Task to complete:
Leave out the pictures and repeat every record exactly.

Text-to-region grounding data:
※ ※ ※

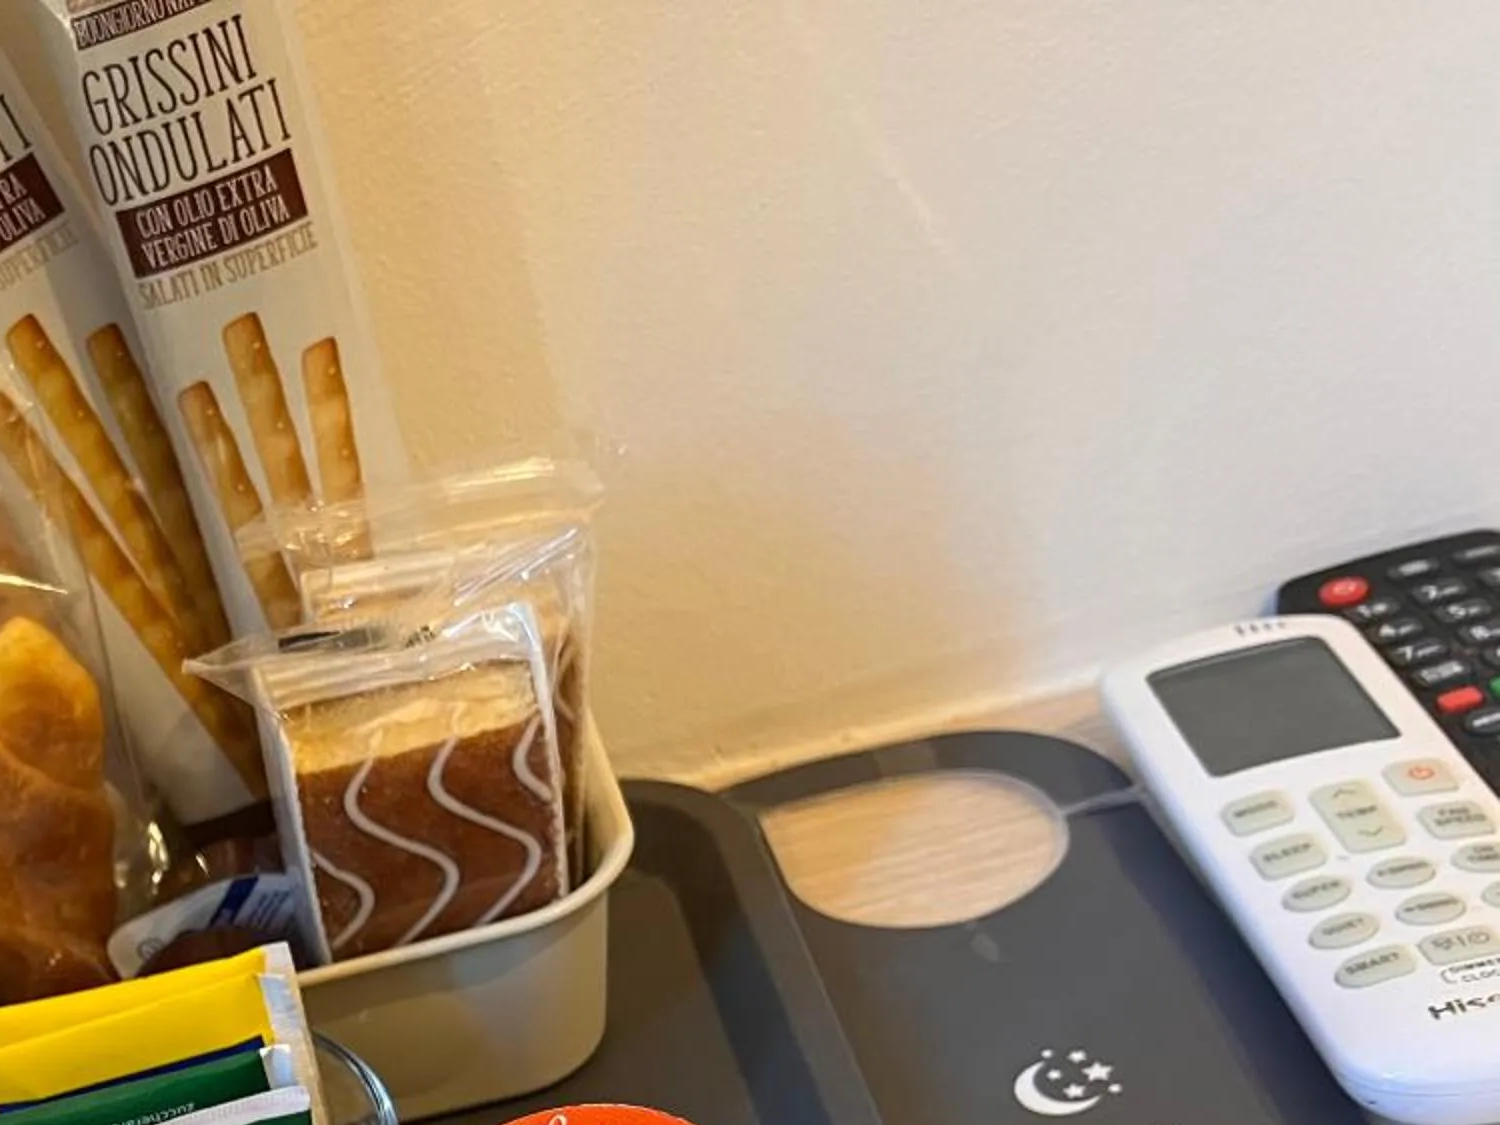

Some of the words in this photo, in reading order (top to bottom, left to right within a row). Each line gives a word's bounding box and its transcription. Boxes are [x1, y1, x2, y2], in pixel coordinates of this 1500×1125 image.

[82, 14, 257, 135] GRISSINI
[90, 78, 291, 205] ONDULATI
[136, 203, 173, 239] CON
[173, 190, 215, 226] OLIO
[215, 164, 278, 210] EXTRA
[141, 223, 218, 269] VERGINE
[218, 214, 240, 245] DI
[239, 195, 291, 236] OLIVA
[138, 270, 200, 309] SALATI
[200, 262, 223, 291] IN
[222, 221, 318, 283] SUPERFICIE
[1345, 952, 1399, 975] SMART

※ ※ ※

Answer for the task:
Some of the words in this photo, in reading order (top to bottom, left to right within a row). Each line gives a word's bounding box and its transcription. Boxes are [x1, y1, x2, y2], in pixel coordinates of this 1500×1125 image.

[82, 14, 257, 135] GRISSINI
[90, 78, 291, 205] ONDULATI
[136, 203, 173, 239] CON
[173, 190, 215, 226] OLIO
[215, 164, 278, 210] EXTRA
[141, 223, 218, 269] VERGINE
[218, 214, 240, 245] DI
[239, 195, 291, 236] OLIVA
[138, 270, 200, 309] SALATI
[200, 262, 223, 291] IN
[222, 221, 318, 283] SUPERFICIE
[1345, 952, 1399, 975] SMART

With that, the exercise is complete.